» What you will do
Where a record holds a picture, leave the picture out; otherwise repeat every record exactly.

» Entries supplied
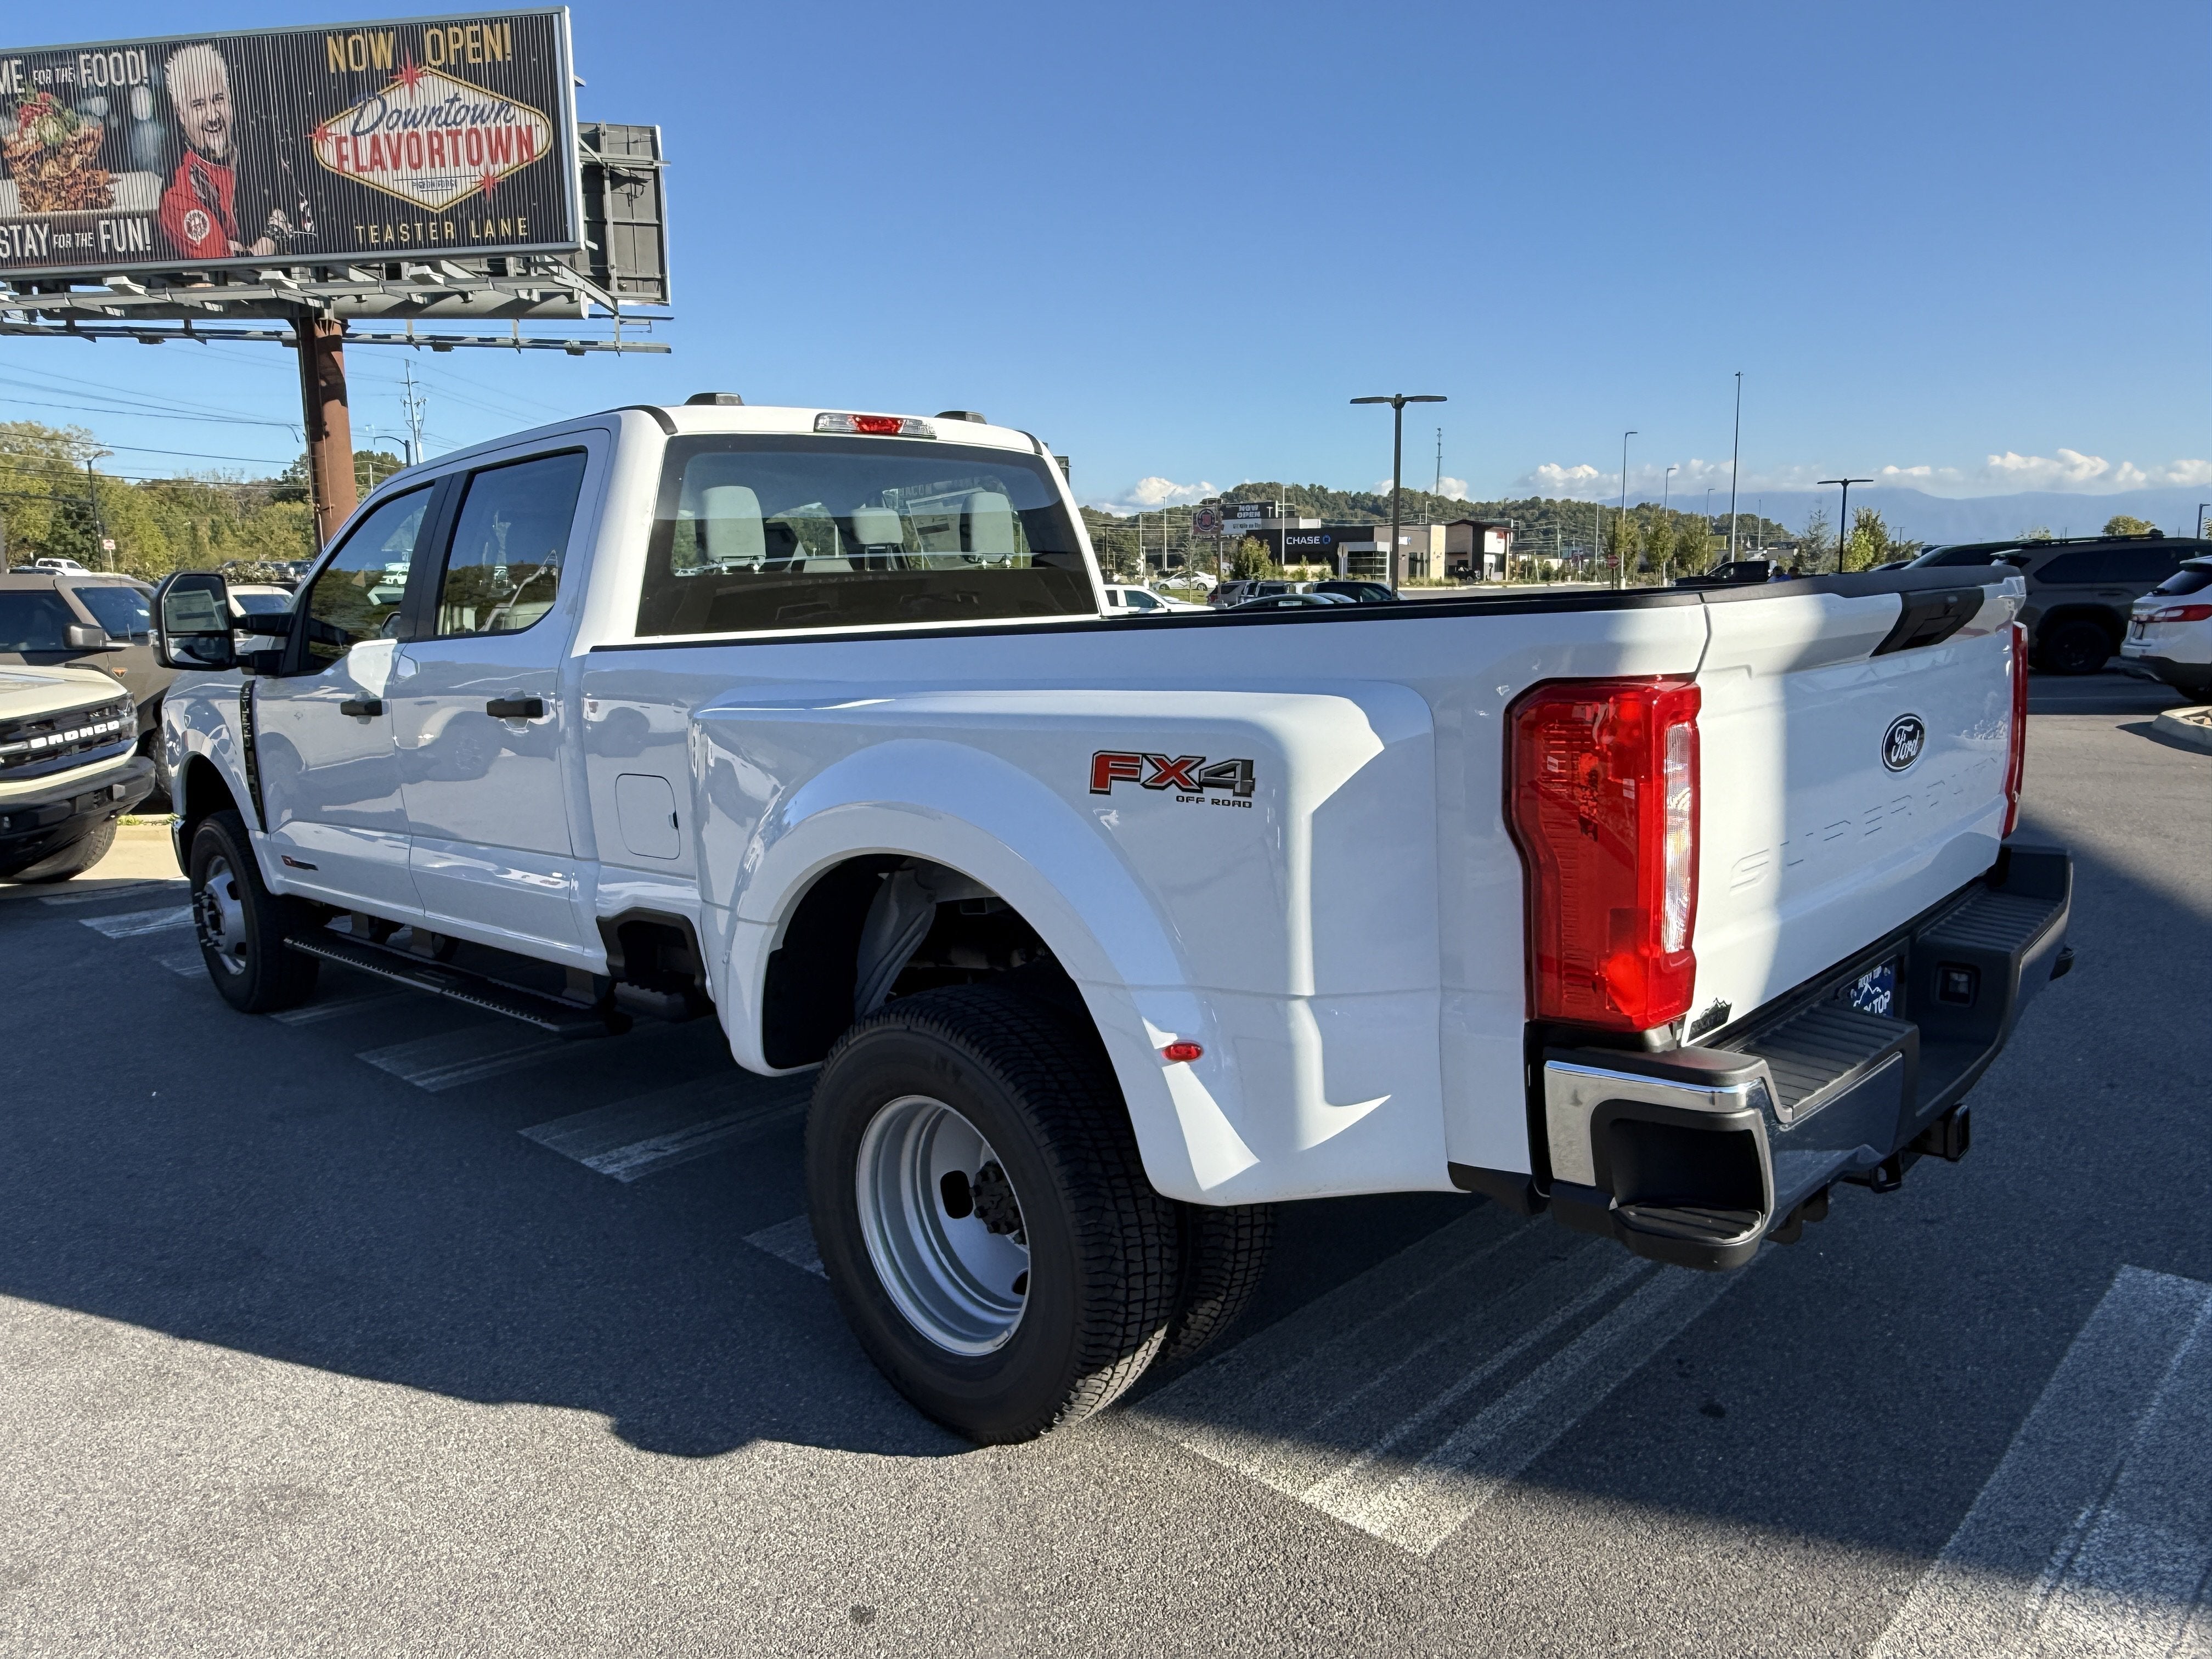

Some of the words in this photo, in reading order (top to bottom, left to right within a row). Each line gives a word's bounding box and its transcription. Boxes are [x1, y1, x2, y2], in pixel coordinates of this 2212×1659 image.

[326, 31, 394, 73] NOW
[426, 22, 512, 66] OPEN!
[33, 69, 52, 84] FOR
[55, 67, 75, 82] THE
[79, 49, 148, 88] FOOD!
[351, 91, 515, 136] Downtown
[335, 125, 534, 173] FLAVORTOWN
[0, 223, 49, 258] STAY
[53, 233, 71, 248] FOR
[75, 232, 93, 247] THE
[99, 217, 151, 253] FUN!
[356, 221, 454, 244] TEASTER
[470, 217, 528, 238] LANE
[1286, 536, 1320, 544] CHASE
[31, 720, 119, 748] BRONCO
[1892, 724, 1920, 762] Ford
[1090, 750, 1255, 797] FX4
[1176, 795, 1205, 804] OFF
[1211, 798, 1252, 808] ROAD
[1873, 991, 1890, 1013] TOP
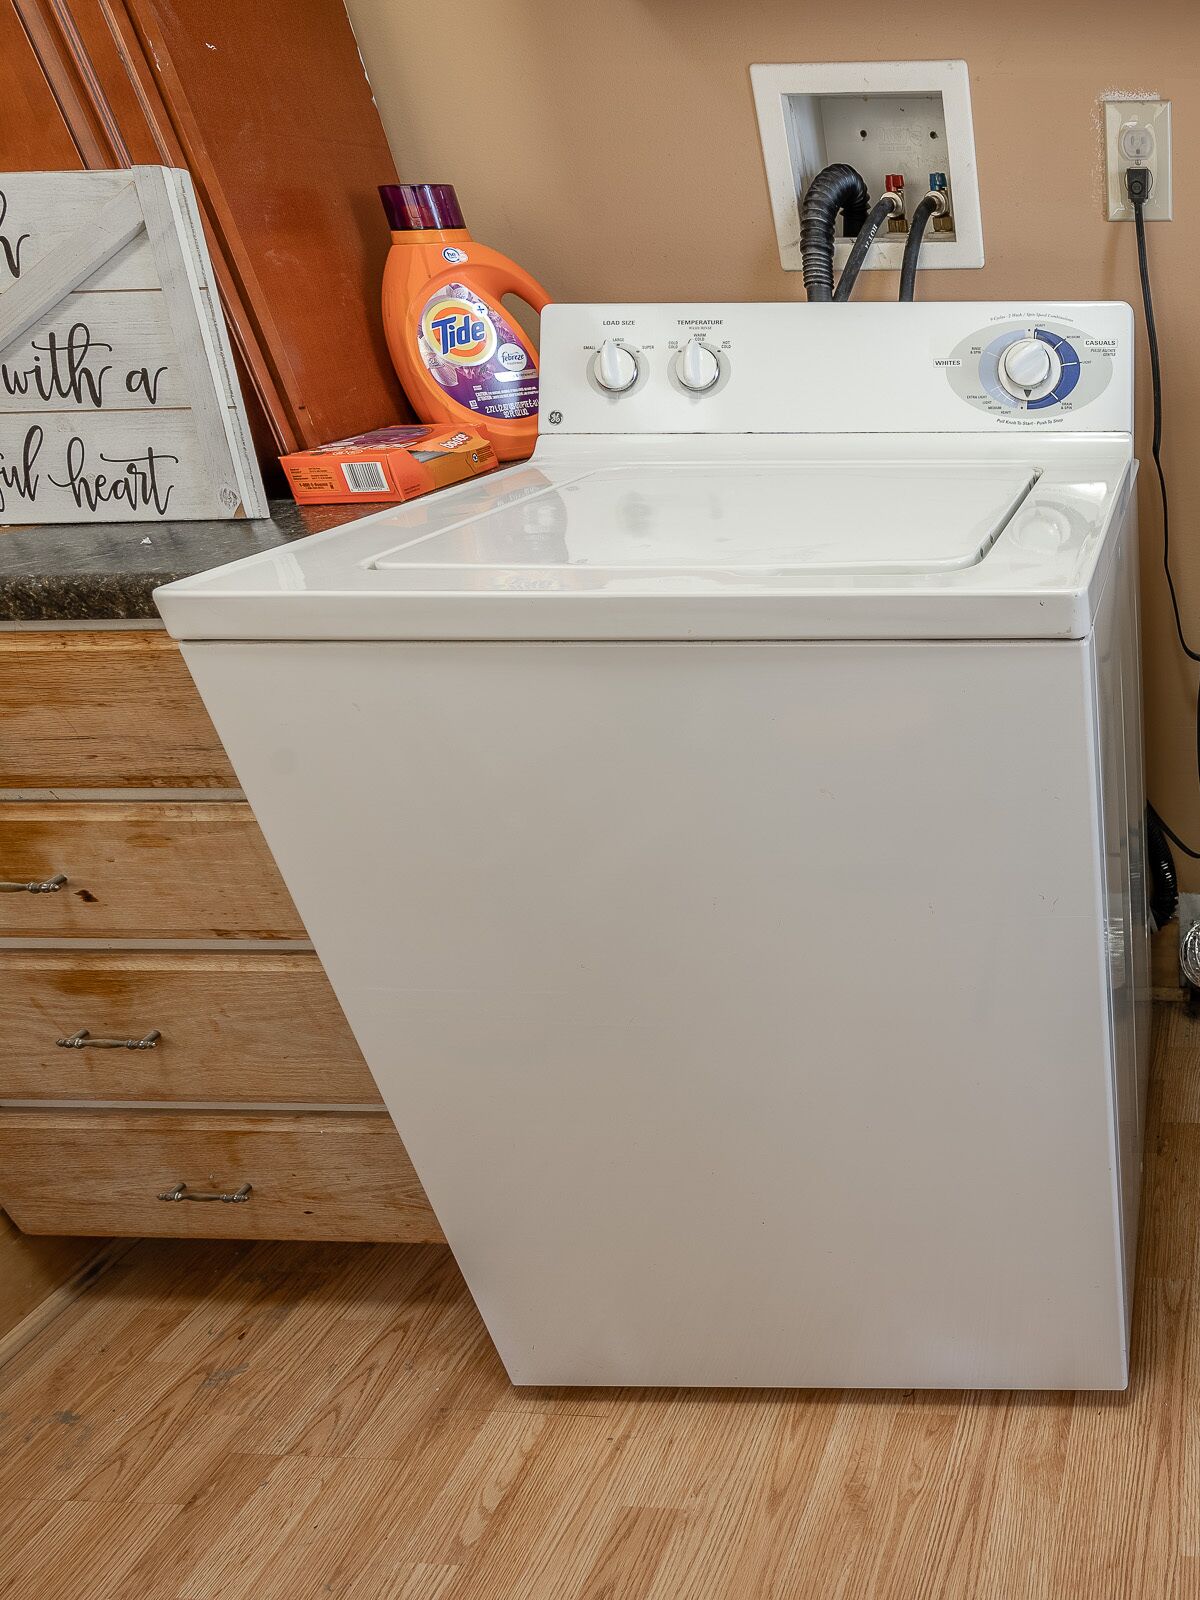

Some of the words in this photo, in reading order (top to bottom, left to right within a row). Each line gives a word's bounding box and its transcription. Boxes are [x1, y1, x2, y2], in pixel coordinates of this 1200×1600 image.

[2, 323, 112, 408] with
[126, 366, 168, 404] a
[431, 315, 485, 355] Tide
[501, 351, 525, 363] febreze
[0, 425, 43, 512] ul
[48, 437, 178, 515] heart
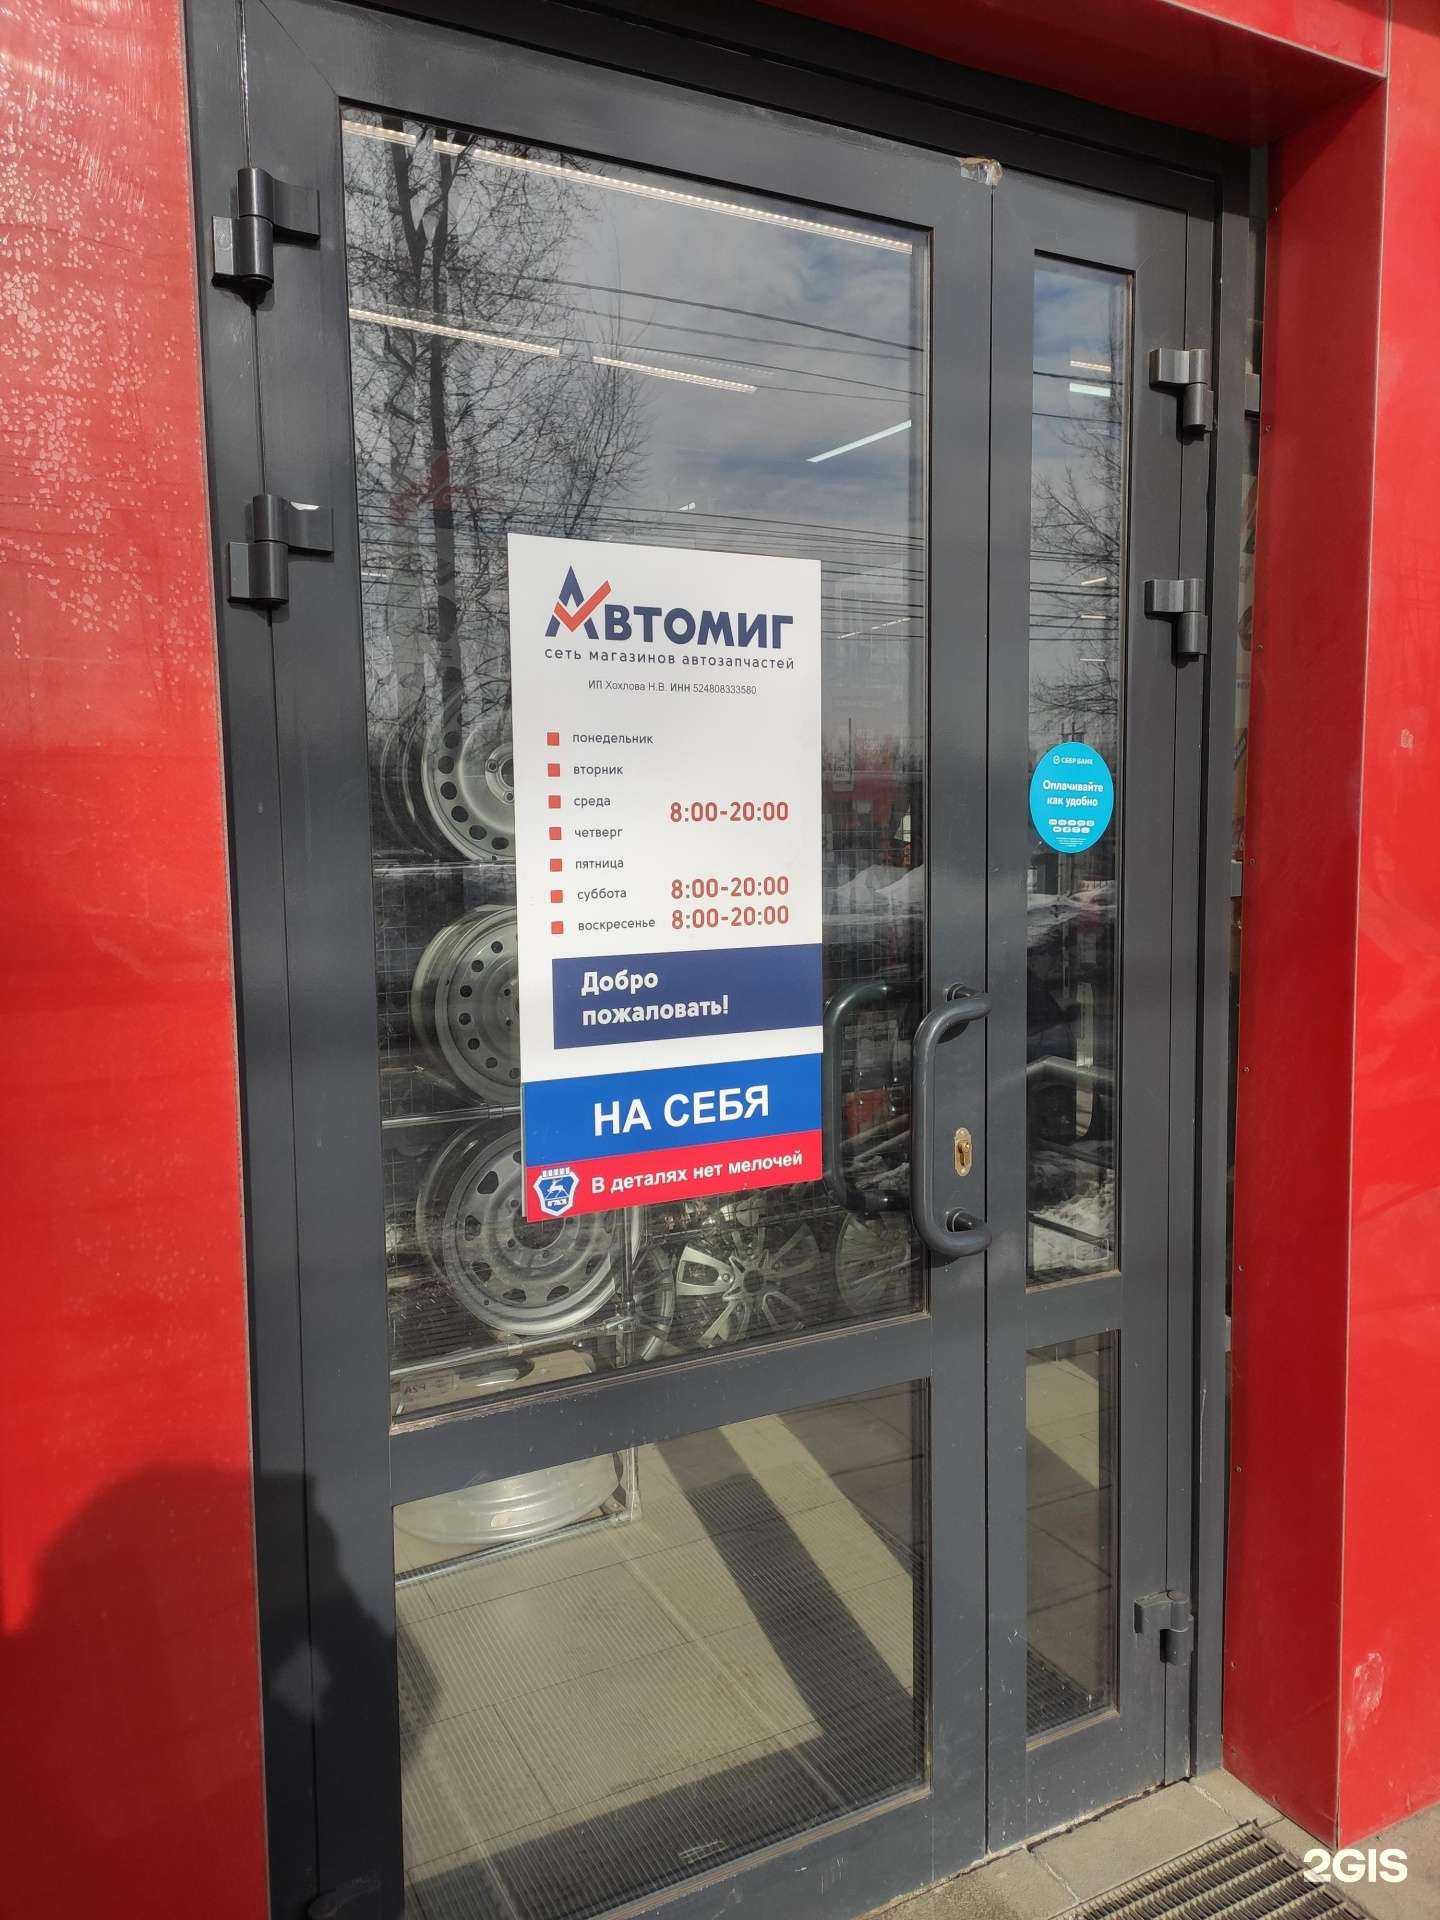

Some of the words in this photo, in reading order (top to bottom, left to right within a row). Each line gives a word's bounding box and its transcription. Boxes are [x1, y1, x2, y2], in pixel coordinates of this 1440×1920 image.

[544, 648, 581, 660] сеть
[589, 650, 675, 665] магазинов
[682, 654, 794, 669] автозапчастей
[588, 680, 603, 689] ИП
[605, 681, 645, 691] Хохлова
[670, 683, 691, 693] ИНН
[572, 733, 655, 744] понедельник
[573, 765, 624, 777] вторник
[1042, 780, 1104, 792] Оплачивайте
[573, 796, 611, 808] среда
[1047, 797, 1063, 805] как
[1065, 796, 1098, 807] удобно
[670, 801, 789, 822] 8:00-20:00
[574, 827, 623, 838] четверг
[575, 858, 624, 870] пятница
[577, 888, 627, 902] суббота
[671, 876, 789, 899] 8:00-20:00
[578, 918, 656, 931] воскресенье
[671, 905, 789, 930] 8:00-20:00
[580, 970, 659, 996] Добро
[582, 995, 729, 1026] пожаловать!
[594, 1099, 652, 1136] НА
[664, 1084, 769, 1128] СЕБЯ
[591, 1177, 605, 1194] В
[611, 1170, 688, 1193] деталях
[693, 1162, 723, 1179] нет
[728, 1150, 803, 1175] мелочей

» Answer to the problem
Some of the words in this photo, in reading order (top to bottom, left to right within a row). Each line gives a word's bounding box and its transcription. Boxes are [x1, y1, x2, y2], in pixel coordinates of this 2212×1659 image.

[326, 31, 394, 73] NOW
[426, 22, 512, 66] OPEN!
[33, 69, 52, 84] FOR
[55, 67, 75, 82] THE
[79, 49, 148, 88] FOOD!
[351, 91, 515, 136] Downtown
[335, 125, 534, 173] FLAVORTOWN
[0, 223, 49, 258] STAY
[53, 233, 71, 248] FOR
[75, 232, 93, 247] THE
[99, 217, 151, 253] FUN!
[356, 221, 454, 244] TEASTER
[470, 217, 528, 238] LANE
[1286, 536, 1320, 544] CHASE
[31, 720, 119, 748] BRONCO
[1892, 724, 1920, 762] Ford
[1090, 750, 1255, 797] FX4
[1176, 795, 1205, 804] OFF
[1211, 798, 1252, 808] ROAD
[1873, 991, 1890, 1013] TOP

Some of the words in this photo, in reading order (top to bottom, left to right within a row). Each line gives a word's bounding box and its transcription. Boxes are [x1, y1, x2, y2], in pixel coordinates of this 1200×1600 image.

[2, 323, 112, 408] with
[126, 366, 168, 404] a
[431, 315, 485, 355] Tide
[501, 351, 525, 363] febreze
[0, 425, 43, 512] ul
[48, 437, 178, 515] heart

Some of the words in this photo, in reading order (top to bottom, left to right within a row). Each line gives a word's bounding box and its transcription. Boxes are [x1, y1, x2, y2], in pixel coordinates of this 1440×1920 image.

[544, 648, 581, 660] сеть
[589, 650, 675, 665] магазинов
[682, 654, 794, 669] автозапчастей
[588, 680, 603, 689] ИП
[605, 681, 645, 691] Хохлова
[670, 683, 691, 693] ИНН
[572, 733, 655, 744] понедельник
[573, 765, 624, 777] вторник
[1042, 780, 1104, 792] Оплачивайте
[573, 796, 611, 808] среда
[1047, 797, 1063, 805] как
[1065, 796, 1098, 807] удобно
[670, 801, 789, 822] 8:00-20:00
[574, 827, 623, 838] четверг
[575, 858, 624, 870] пятница
[577, 888, 627, 902] суббота
[671, 876, 789, 899] 8:00-20:00
[578, 918, 656, 931] воскресенье
[671, 905, 789, 930] 8:00-20:00
[580, 970, 659, 996] Добро
[582, 995, 729, 1026] пожаловать!
[594, 1099, 652, 1136] НА
[664, 1084, 769, 1128] СЕБЯ
[591, 1177, 605, 1194] В
[611, 1170, 688, 1193] деталях
[693, 1162, 723, 1179] нет
[728, 1150, 803, 1175] мелочей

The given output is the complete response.